• [Problem to work on]: Print back each record unchanged, without pictures.

• [The records]:

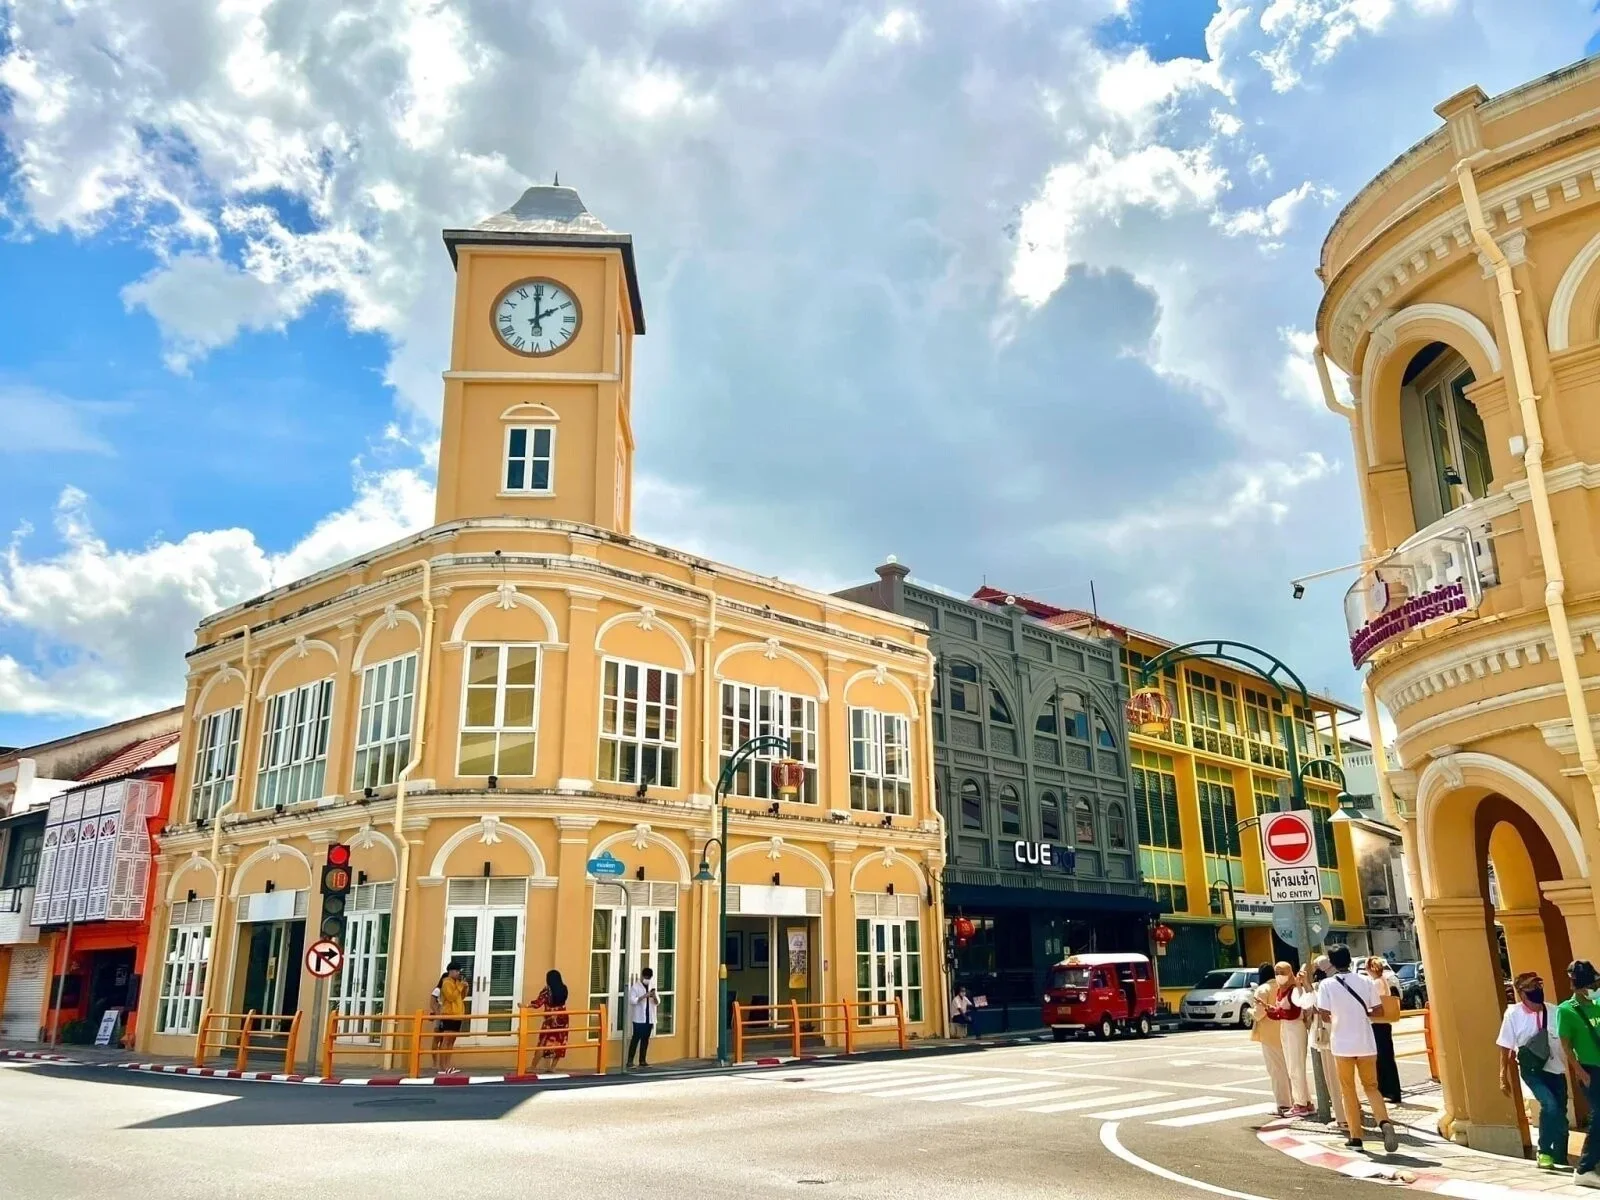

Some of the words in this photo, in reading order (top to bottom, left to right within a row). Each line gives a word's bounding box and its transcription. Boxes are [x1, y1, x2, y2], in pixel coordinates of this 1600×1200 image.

[517, 288, 529, 300] XI
[551, 290, 559, 300] I
[504, 299, 516, 309] X
[1407, 596, 1468, 628] MUSEUM
[1015, 840, 1052, 865] CUE
[332, 872, 346, 889] 10
[1271, 869, 1316, 888] ห้ามเข้า
[1276, 891, 1287, 899] NO
[1289, 890, 1313, 898] ENTRY
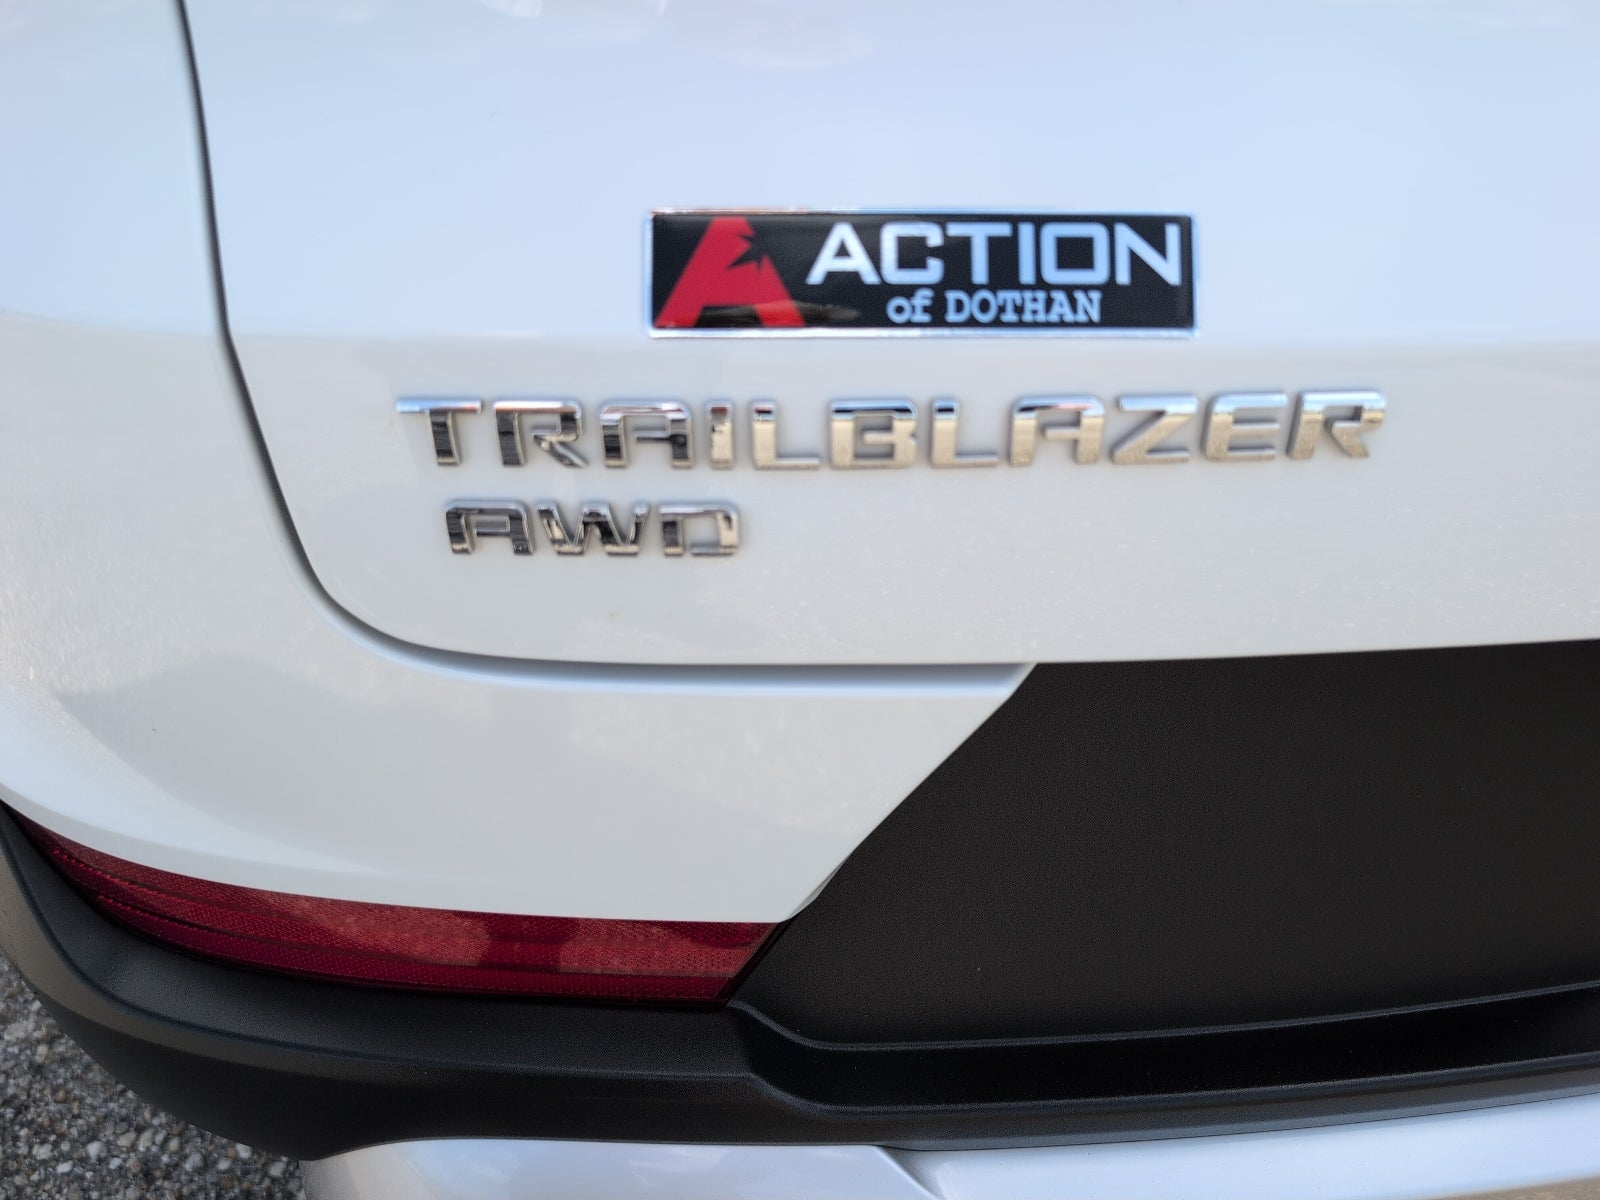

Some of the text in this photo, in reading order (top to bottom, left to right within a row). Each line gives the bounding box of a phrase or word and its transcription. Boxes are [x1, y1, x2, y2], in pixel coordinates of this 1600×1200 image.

[806, 221, 1182, 286] ACTION
[886, 290, 1102, 324] of DOTHAN
[396, 389, 1388, 470] TRAILBLAZER
[444, 500, 741, 557] AWD

• [Output for this task]:
Some of the words in this photo, in reading order (top to bottom, left to right within a row). Each line gives a word's bounding box and its transcription. Boxes are [x1, y1, x2, y2], in pixel coordinates of this 1600×1200 image.

[517, 288, 529, 300] XI
[551, 290, 559, 300] I
[504, 299, 516, 309] X
[1407, 596, 1468, 628] MUSEUM
[1015, 840, 1052, 865] CUE
[332, 872, 346, 889] 10
[1271, 869, 1316, 888] ห้ามเข้า
[1276, 891, 1287, 899] NO
[1289, 890, 1313, 898] ENTRY

Some of the text in this photo, in reading order (top to bottom, left to right within a row). Each line gives the bounding box of a phrase or word and its transcription. Boxes are [x1, y1, x2, y2], in pixel coordinates of this 1600×1200 image.

[806, 221, 1182, 286] ACTION
[886, 290, 1102, 324] of DOTHAN
[396, 389, 1388, 470] TRAILBLAZER
[444, 500, 741, 557] AWD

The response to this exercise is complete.